I’m coming out of the tunnel of dreadful sickness. I’m no wuss, really–I tend to gauge all pain by the measure of labor, and nothing in my experience comes close to that–but I was in tears, yesterday, as I bared my tonsils for a diagnosis. Strep. Strep that had crept up to my eardrum, apparently. I had shooting pain between my throat and my right ear. I couldn’t swallow. Couldn’t speak. Could hardly move my head (this made driving all the more pleasant). This for the girl who declares that she doesn’t get sick. Mostly. And apparently, this girl, who is me, jinxed things by saying that. And as I sat there on that infamous crinkly paper, awaiting my prescriptions, I watched my daughters’ faces.

Chiara and Mira had accompanied me, despite the fact that it was a school day. Mira complained of a sore throat when she woke up and I knew that there was no way I’d be able to finesse the morning routine anyway. Each step was painful. I gripped my face when I moved, as though doing so would actually ease the pain. Sort of the same thing as thinking that biting my hand in the last stages of labor with my delightful, but large craniumed, third child would somehow quench the ring of fire.

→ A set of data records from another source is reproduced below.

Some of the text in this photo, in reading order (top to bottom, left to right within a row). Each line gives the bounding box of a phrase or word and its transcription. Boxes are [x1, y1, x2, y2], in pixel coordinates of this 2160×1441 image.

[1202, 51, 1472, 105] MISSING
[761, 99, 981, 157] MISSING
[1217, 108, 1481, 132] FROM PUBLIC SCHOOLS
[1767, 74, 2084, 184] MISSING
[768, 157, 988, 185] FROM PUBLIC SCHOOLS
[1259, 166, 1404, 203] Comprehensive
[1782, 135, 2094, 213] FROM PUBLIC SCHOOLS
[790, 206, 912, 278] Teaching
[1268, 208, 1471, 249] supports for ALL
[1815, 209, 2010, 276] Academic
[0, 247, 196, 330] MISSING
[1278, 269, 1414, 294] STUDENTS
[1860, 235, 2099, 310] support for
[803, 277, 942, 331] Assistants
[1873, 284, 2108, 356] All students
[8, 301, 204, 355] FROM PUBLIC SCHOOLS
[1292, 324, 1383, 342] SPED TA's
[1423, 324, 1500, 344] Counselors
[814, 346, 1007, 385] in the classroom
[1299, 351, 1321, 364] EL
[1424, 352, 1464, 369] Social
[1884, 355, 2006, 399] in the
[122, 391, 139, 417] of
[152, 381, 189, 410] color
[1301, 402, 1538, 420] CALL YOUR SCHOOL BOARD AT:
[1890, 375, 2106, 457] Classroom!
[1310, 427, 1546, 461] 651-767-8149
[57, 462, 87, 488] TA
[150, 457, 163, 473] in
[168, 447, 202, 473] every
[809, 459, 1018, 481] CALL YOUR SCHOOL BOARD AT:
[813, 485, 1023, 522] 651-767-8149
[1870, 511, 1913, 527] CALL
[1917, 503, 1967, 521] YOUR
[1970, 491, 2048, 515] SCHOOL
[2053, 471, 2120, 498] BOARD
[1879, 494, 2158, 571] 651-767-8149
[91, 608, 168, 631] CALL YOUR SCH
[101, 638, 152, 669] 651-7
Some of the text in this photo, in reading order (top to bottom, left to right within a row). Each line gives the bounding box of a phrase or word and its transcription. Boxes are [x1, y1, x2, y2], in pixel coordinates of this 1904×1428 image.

So I kept the girls home, promptly forgot to call the school and let them know, and set out to somehow survive the day feeling worse than I had in many years. Many. And after exerting much effort to get Graysen to daycare and drop Soren at his homeschooling friend’s house, I finally reached the sanctified space that is the doctor’s office. I felt desperation like never before. Waiting to be seen was excruciating. Showing my fiery throat to the searchlight even more so.

Tears fogged my vision despite my best efforts to keep it together. I don’t cry easily. When I finally collected myself I looked at my girls. Both stared at me with wide, worried eyes. Mira’s chin quivered. I squeezed her hand, told her with my eyes that I would be fine. That all was okay. Would be okay.

Three doses of antibiotics later, I’ve come through the tunnel and my girls regard me with that generally blase gaze that tells me all is right with their world now. Their lives, thank goodness, are mostly boring once again.